Summer fun...I've had a lot already and the next few months are full of weekends full of summer fun. This makes watching my weight extremely challenging. And, with teeth issues this week (thankfully mostly cleared up after second root canal yesterday), I found it hard to care too much. So I guess it's a miracle that, while up, I'm still in the 2-pound range I have been for the past month. I'm having a REALLY hard time motivating myself to go DOWN for our July vacation and beyond...it's hard to see how I can be really "good" with parties, birthdays, more parties, more birthdays, holidays, etc. I am not good at "depriving" myself at such functions. The thought of it actually depresses me.
Yeah yeah, I know it's being good to me...why doesn't it feel that way?
I'm compensating by exercising more though. This week I only had one day without any real exercise (that was Wednesday when my tooth was hurting so much). I am really happy with my incorporation of non-gym exercise into my weeks. I feel really good and, except when looking in the mirror a certain way or putting on the wrong size clothes (when I feel fat), I actually feel strong and healthy and think I look good (not great).
I'm loving my yogatoday.com option for yoga. It makes me work as much as a "real" class and I can do it at home. LOVE that. I'm loving my gardening. This week I do it on Sunday instead of Saturday because tomorrow we're having a big beach/BBQ at our house for our PWK (People With Kids) friends and family. Tomorrow I plan to get my exercise by boogie-boarding. :-) I still am hitting the gym a few times a week (weekday evenings mostly) so I am really mixing it up and doing minimum 4 days a week of exercise.

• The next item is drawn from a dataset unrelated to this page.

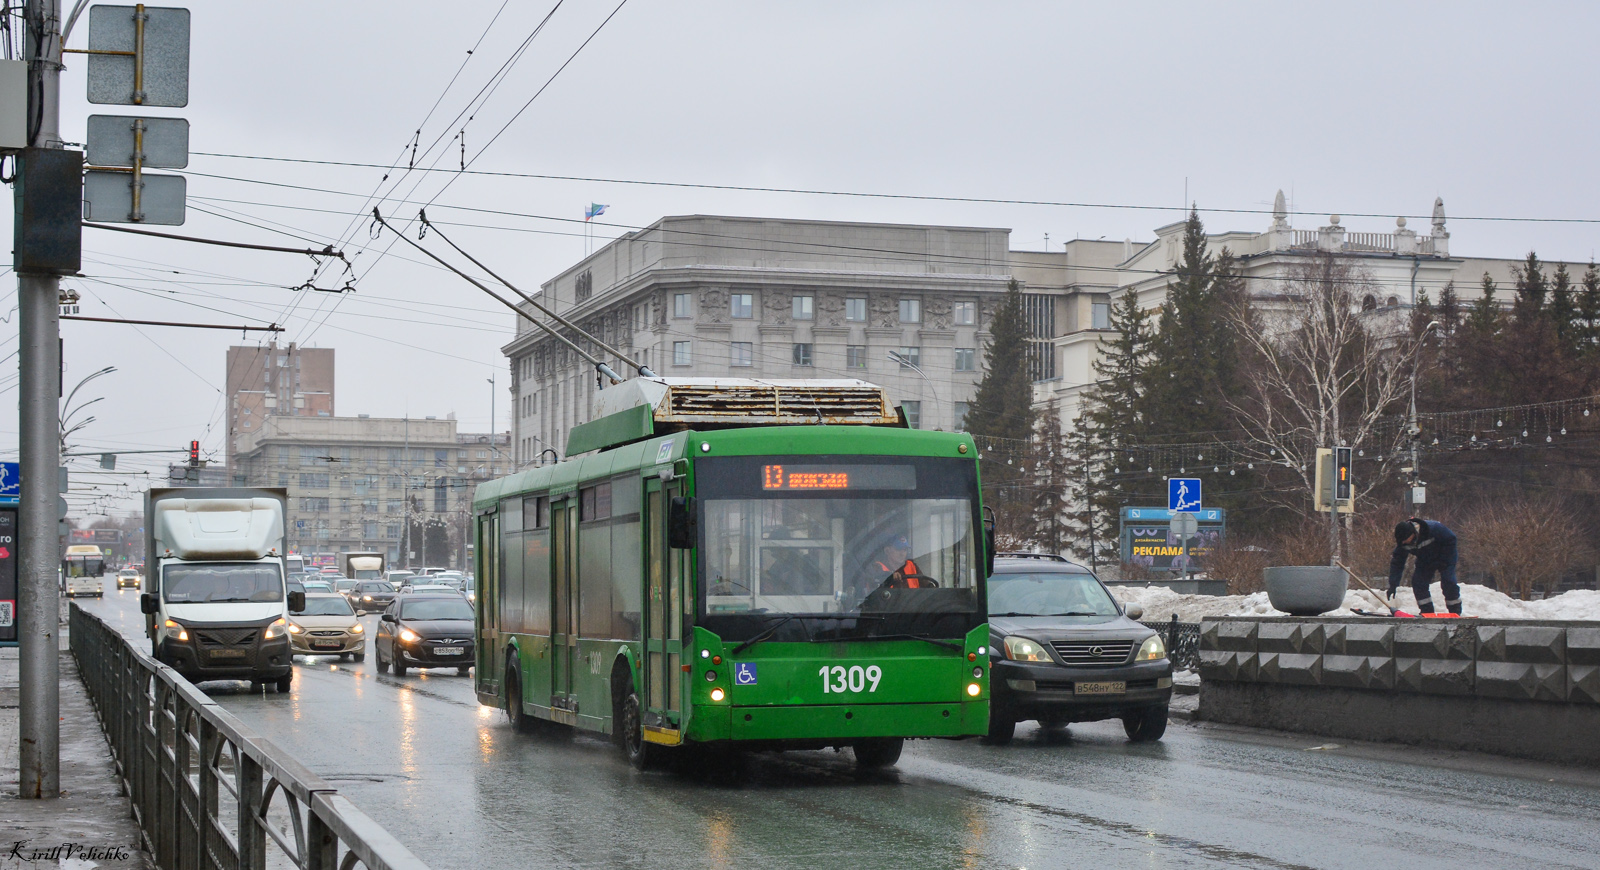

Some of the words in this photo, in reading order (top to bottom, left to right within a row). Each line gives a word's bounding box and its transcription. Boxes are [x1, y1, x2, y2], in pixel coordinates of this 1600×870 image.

We'll see if DB and I decide to Crack the Fat...with all of the above, I just don't know.
Tomorrow's BBQ menu: grilling turkey (I have a whole turkey that I got free last Thanksgiving that's been in our freezer and I'm looking forward to seeing if I can do it whole on our grill -- we got a new, bigger grill for this that DB picked up this morning!), corn on the cob, pasta salad with vinaigrette and veggies, veggie salad. Yummy.
Mostly right now I'm feeling very conflicted about my loss efforts. But I keep trying.